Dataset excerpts
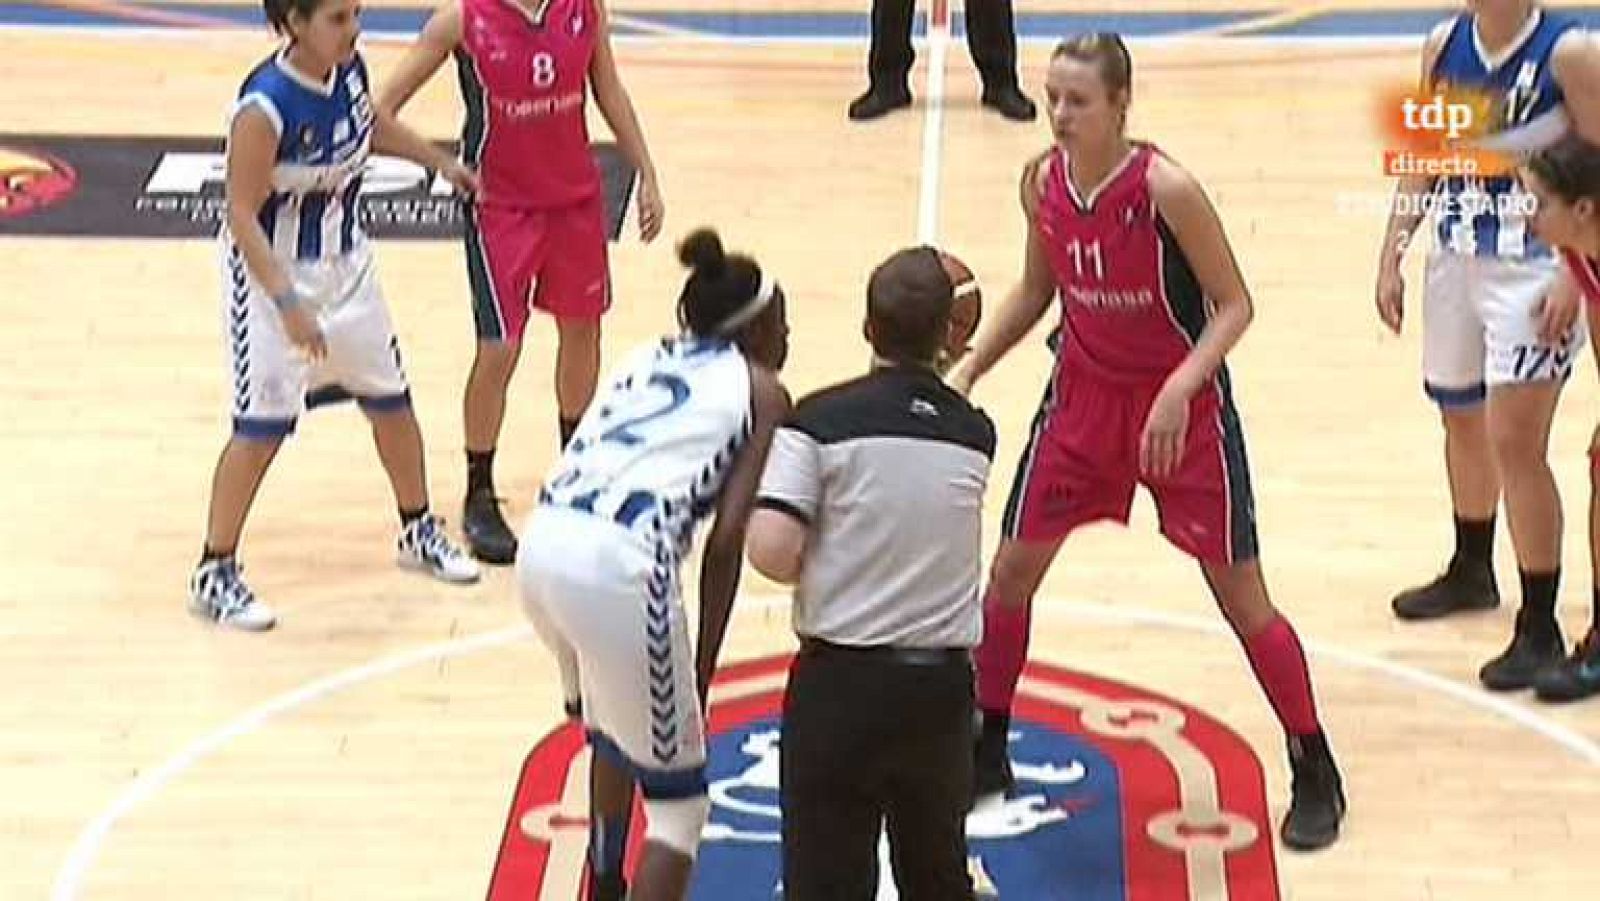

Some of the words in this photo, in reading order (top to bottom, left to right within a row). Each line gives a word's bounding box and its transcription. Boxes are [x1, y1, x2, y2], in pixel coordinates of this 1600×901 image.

[532, 52, 555, 88] 8
[1065, 236, 1104, 281] 11
[598, 371, 692, 448] 2
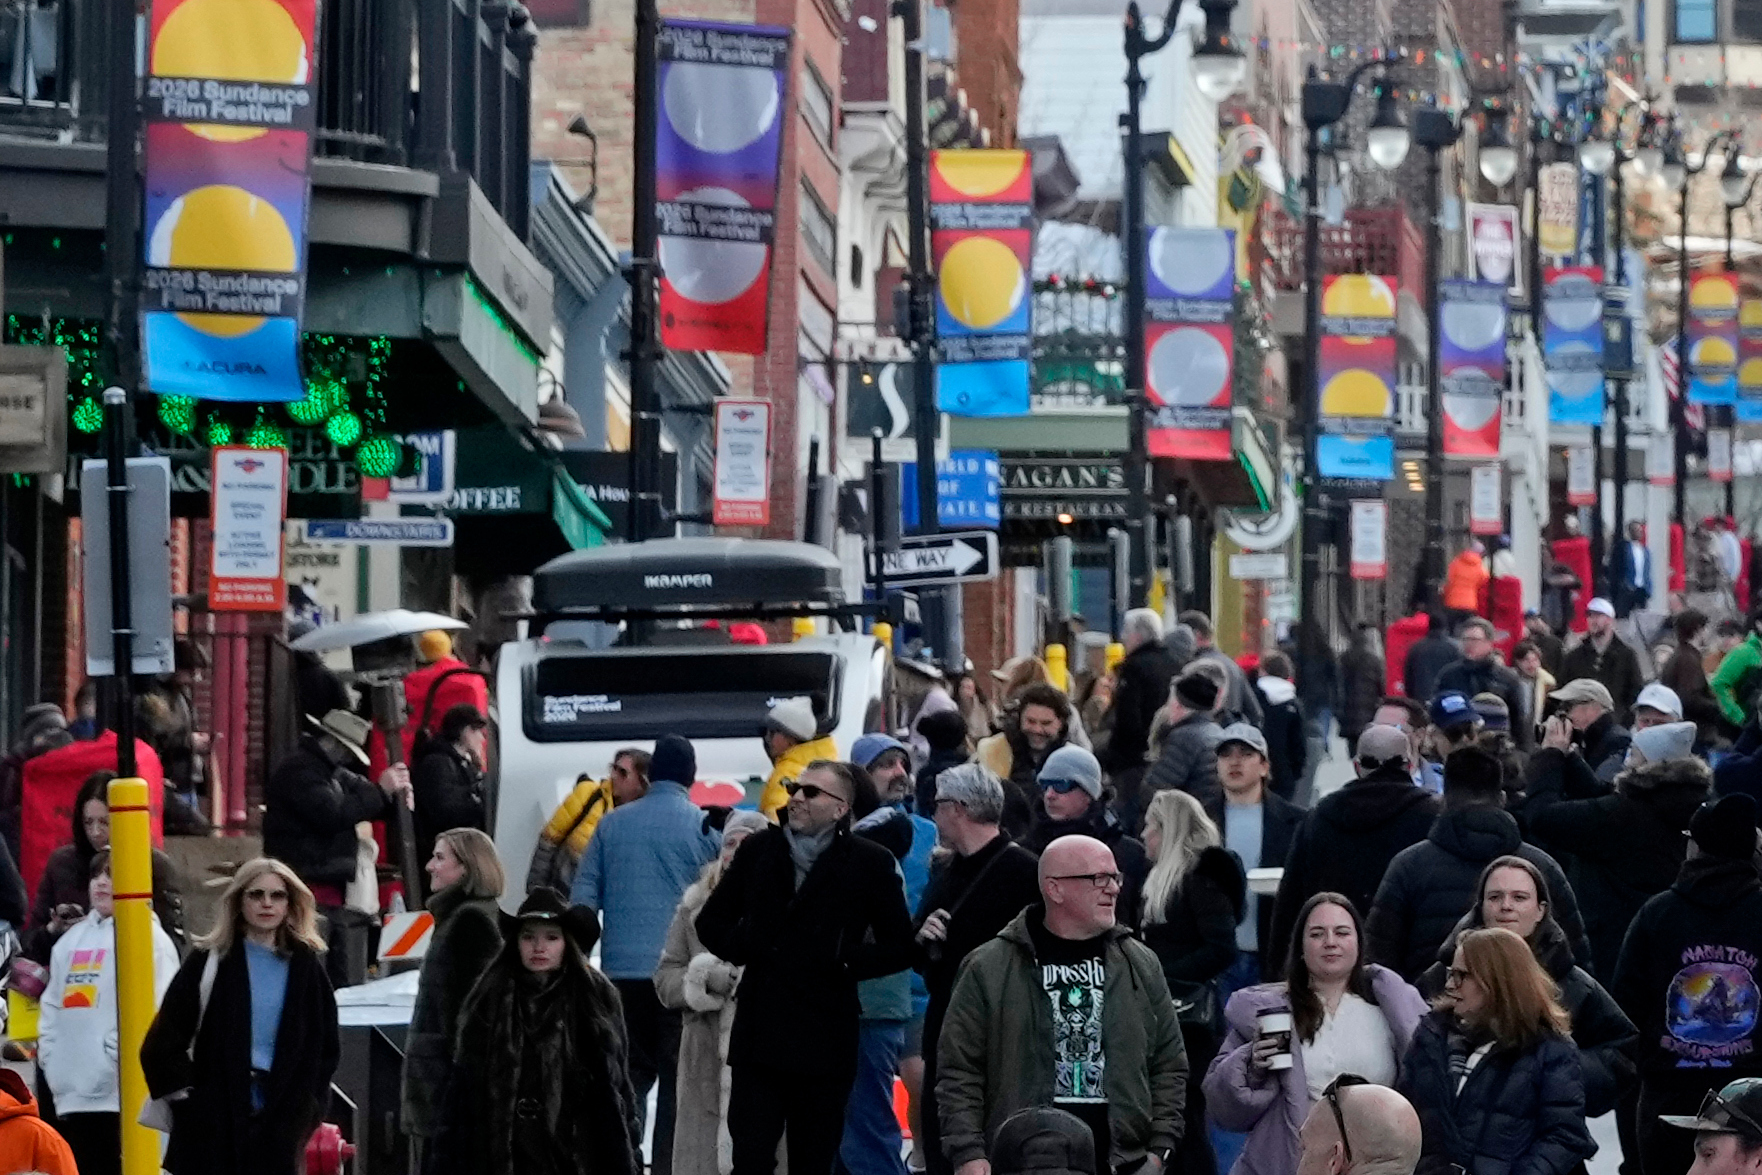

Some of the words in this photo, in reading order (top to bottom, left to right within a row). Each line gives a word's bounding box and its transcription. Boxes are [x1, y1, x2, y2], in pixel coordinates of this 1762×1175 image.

[148, 78, 200, 101] 2026
[203, 81, 310, 106] Sundance
[162, 98, 207, 118] Film
[210, 100, 293, 124] Festival
[146, 270, 194, 290] 2026
[199, 272, 298, 295] Sundance
[162, 289, 203, 309] Film
[207, 292, 282, 313] Festival
[444, 486, 521, 510] OFFEE
[1021, 501, 1126, 517] RESTAURAN
[915, 547, 950, 567] WAY

▶ Exercise instructions
Would you reproduce the records exactly as they stand, but without the pictures?

▶ Reply to the exercise
Some of the words in this photo, in reading order (top to bottom, left to right within a row). Each line gives a word's bounding box and its transcription. Boxes are [x1, y1, x2, y2], in pixel coordinates of this 1600×901 image.

[532, 52, 555, 88] 8
[1065, 236, 1104, 281] 11
[598, 371, 692, 448] 2

Some of the words in this photo, in reading order (top to bottom, left to right within a row). Each line gives a word's bounding box and its transcription. Boxes are [x1, y1, x2, y2], in pixel coordinates of this 1762×1175 image.

[148, 78, 200, 101] 2026
[203, 81, 310, 106] Sundance
[162, 98, 207, 118] Film
[210, 100, 293, 124] Festival
[146, 270, 194, 290] 2026
[199, 272, 298, 295] Sundance
[162, 289, 203, 309] Film
[207, 292, 282, 313] Festival
[444, 486, 521, 510] OFFEE
[1021, 501, 1126, 517] RESTAURAN
[915, 547, 950, 567] WAY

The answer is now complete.